Well I hear that there is a large flathead population in this lake and I'm sure that the trout don't go to waste (that is if you're a catfisherman).

Time for more chumming. I have made maps that diclose bank locations, and if I start to get into fish I might post them. I would definitely like more info on bank acces on this lake.

I took smartcast out last night and hit one swim marking 12 foot water or more in a cast. I am still tinkering with swim names and nothing deserves a name yet, but this one I think I might call the Table Swim.

I just got a call from work wanting me to go in early but this chumming is definitely my top priority right now.


----------



## Fishman

TimJC said:


> I just got a call from work wanting me to go in early but this chumming is definitely my top priority right now.

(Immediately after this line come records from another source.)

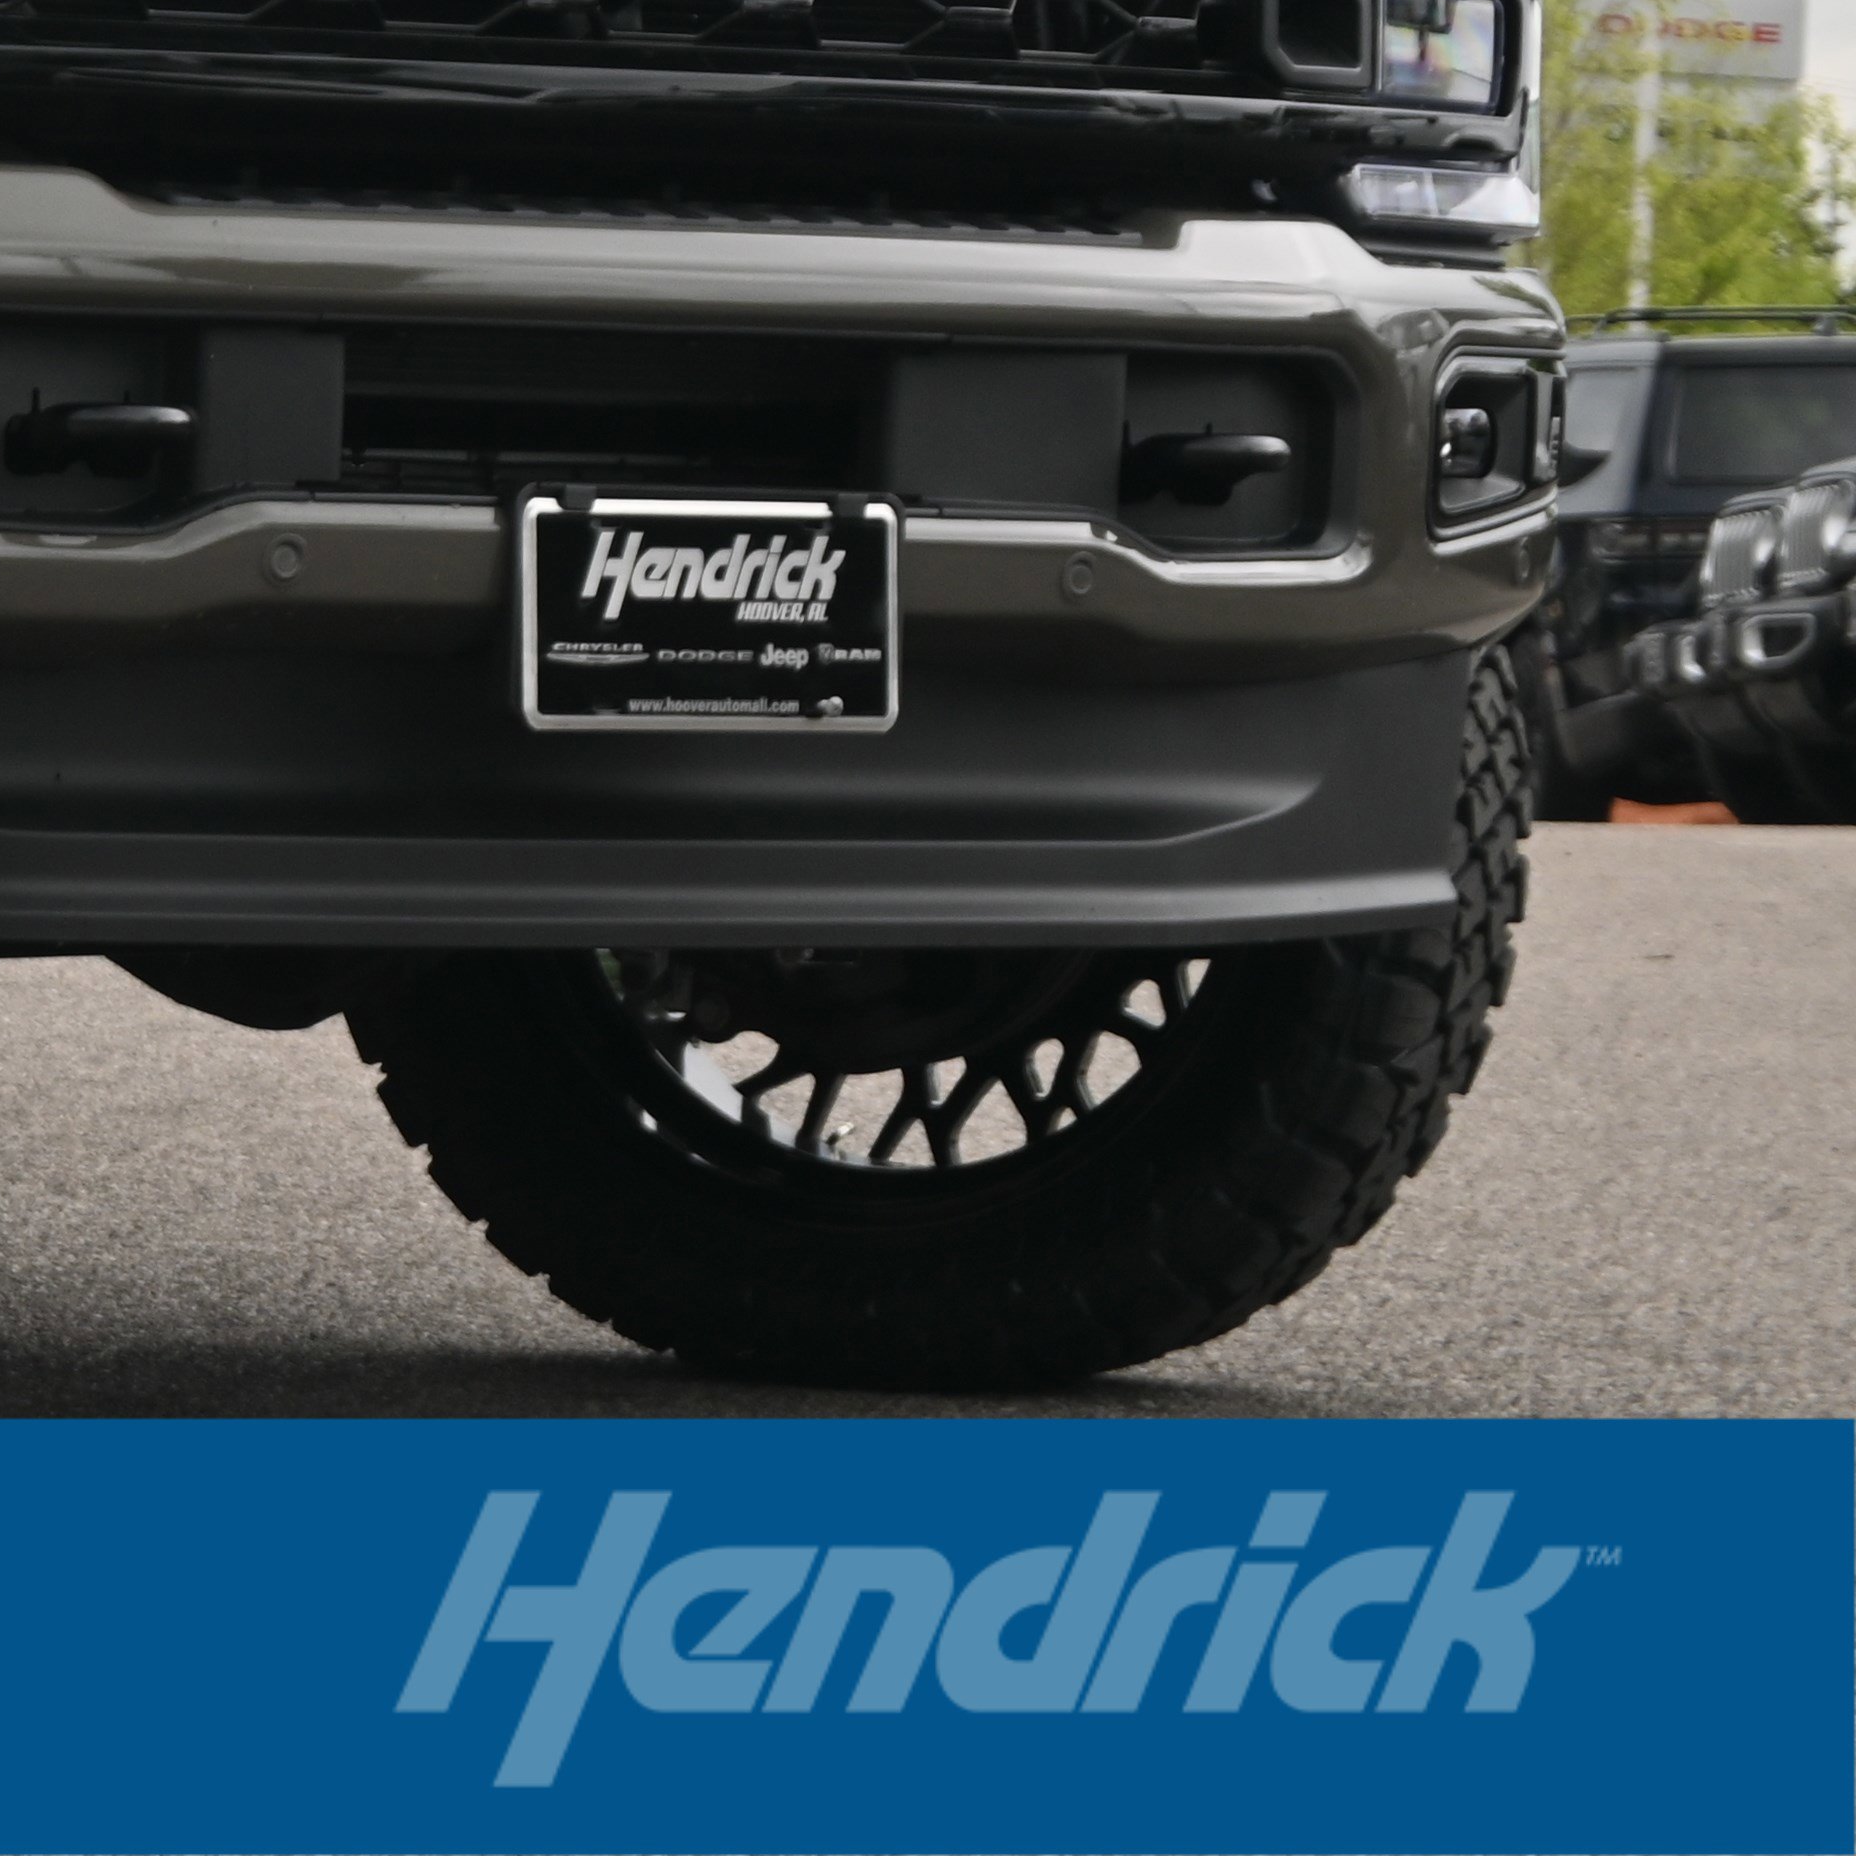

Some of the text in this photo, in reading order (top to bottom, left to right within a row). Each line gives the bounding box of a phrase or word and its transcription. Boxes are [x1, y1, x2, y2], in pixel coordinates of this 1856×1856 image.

[581, 531, 847, 621] Hendrick
[735, 602, 830, 623] HOOVER, AL
[657, 649, 755, 663] DODGE
[760, 643, 809, 670] Jeep
[834, 648, 883, 662] RAM
[628, 699, 800, 715] www.hooverautomall.com

haha gotta love it, keep it up and I'm sure you'll get into them eventually!


----------



## TimJC

Just got back from adding another 10 gallons of maize (40lbs dry) in 4 swims. Hopefully the action gets going tonight or tomorrow.


----------



## crappielooker

good luck in your quest for stonelick carp dood..i may have to come down there and ca$h in on those chum you put out...................again..  i'm sure those fish are well fed by now...


----------



## catking

DA KING !!! took a short ride to Stonelick around 6 pm tonight. The lake is in EXCELLENT shape, and very few people were there. I guess I missed Timmy Boy  Good Luck to you !!! THE CATKING !!!


----------



## TimJC

catking said:


> DA KING !!! took a short ride to Stonelick around 6 pm tonight. The lake is in EXCELLENT shape, and very few people were there. I guess I missed Timmy Boy  Good Luck to you !!! THE CATKING !!!


I meant I was going to be night fishing not this early bird senior dinner at 3pm sh!t. I plan on fishing after 10pm this week. I didn't make it out tonight so I MIGHT hit it tomorrow morning.


----------



## TimJC

It's possible that some locals might get mad that I am showing some of these spots (though they are all pretty obvious) so get these while you can.

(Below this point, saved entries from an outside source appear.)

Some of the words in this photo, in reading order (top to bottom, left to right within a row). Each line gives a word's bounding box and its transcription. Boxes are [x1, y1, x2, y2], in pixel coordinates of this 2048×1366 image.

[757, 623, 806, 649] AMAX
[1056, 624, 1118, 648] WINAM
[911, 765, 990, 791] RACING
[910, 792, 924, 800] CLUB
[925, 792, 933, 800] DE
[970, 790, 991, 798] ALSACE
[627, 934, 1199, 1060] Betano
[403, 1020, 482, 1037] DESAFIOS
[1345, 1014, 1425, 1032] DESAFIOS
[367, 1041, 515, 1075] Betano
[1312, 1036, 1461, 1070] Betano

The arrows on the maps below show spots with easy bank access. The orange plus signs show areas that I still need to look into. Larger, uncropped versions of these maps can be found in my gallery Here and Here. If you click on the map (on these links) it will load the larger version which are 300KB and 400KB respectively.

















This map is only good to show the lake depth as it is VERY outdated



I will some up the chumming campaign thus far:- Sunday Evening (7/11): I put 100# of corn in 3 swims. I hit E, F, and A all pretty evenly.

- Monday Afternoon (7/12): I put 10 gallons of soaked maize (field corn) in swims A, D, E and F.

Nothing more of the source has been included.